Do you read to your children from your iPad or other device, or encourage them to use an e-reader to read to you? Many of us do, at least on occasion — even I, who wrote here some weeks ago that I rarely read on my own iPad anymore because I want my children to see me reading books, recommended an app for creating fun picture books for travel last week. If you have a tablet or e-reader, why not add it to your child’s reading repertory as well?
The answer, according to Lisa Guernsey of the New America Foundation’s Early Education Initiative, is that when we read with a child on an e-reader, we may actually impede our child’s ability to learn. Ms. Guernsey interpreted recent research on childhood literacy for Time magazine, and found that parents interact differently with children over an e-reader than over a physical book. That difference may make children slower to read and comprehend a story.
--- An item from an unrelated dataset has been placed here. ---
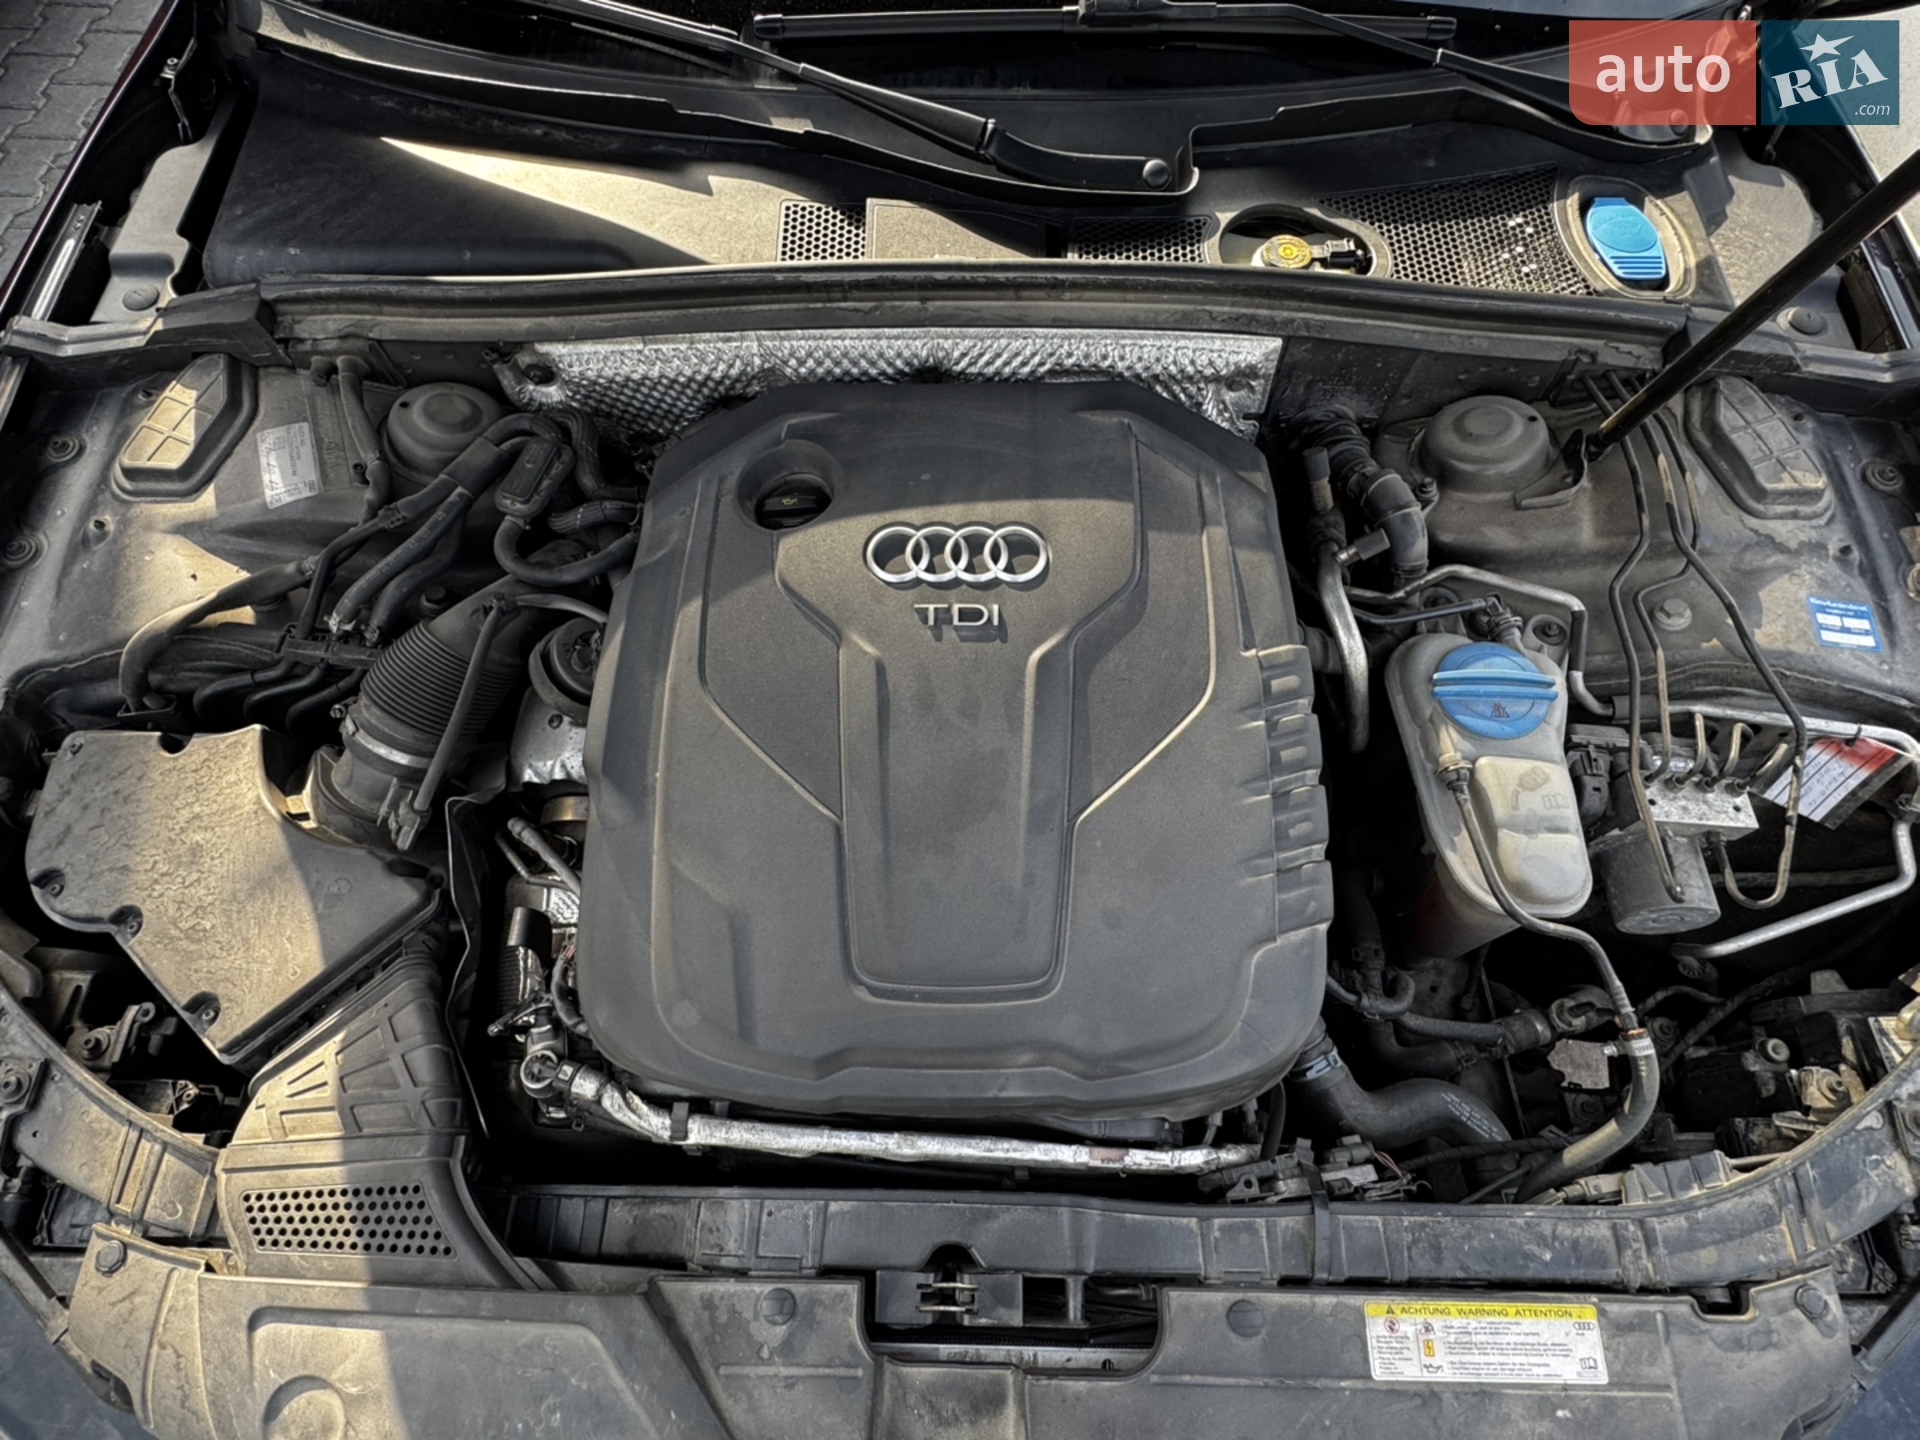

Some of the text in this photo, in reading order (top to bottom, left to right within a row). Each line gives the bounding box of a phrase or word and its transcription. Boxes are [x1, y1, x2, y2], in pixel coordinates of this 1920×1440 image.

[913, 603, 999, 626] TDI
[1400, 1306, 1573, 1319] ACHTUNG WARNING ATTENTION
Children sitting with a parent while an e-reader reads to them understand significantly less of what’s read than those hearing a parent read. Researchers at Temple University, where the study was done, noted that parents reading books aloud regularly asked children questions about the book: “What do you think will happen next?” Parents sitting with the child while a device read to them (like a LeapPad or some iPad apps) didn’t ask these questions, or relate images or incidents in the book to the child’s real life. Instead, their conversation was focused on how to use the device: “Careful! Push here. Hold it this way.”
Why Books Are Better than e-Books for Children – NYTimes.com
This suggests differential interface issues for analog (traditional print) and digital media. I still remember teaching my children how to hold a book, how to grasp the page corner, how to turn the page. My younger son insisted on grasping the top of the right-hand page from near the spine with his left hand. His right hand was busy holding the weight of the book. His grasping style was ideal for tearing a page out of the book, but not for turning a page in a way that left the book intact.
Board-books are a technology developed to help introduce the Human-to-Book interface at an even earlier age. The book pages are constructed of cardboard that has been laminated with plastic. This because toddlers (in the Freudian oral-phase) come to understand the books by chewing and slobbering all over them. These books withstand, and page turning behaviors follow along with parent instruction and supervision. Narration of the content runs in parallel.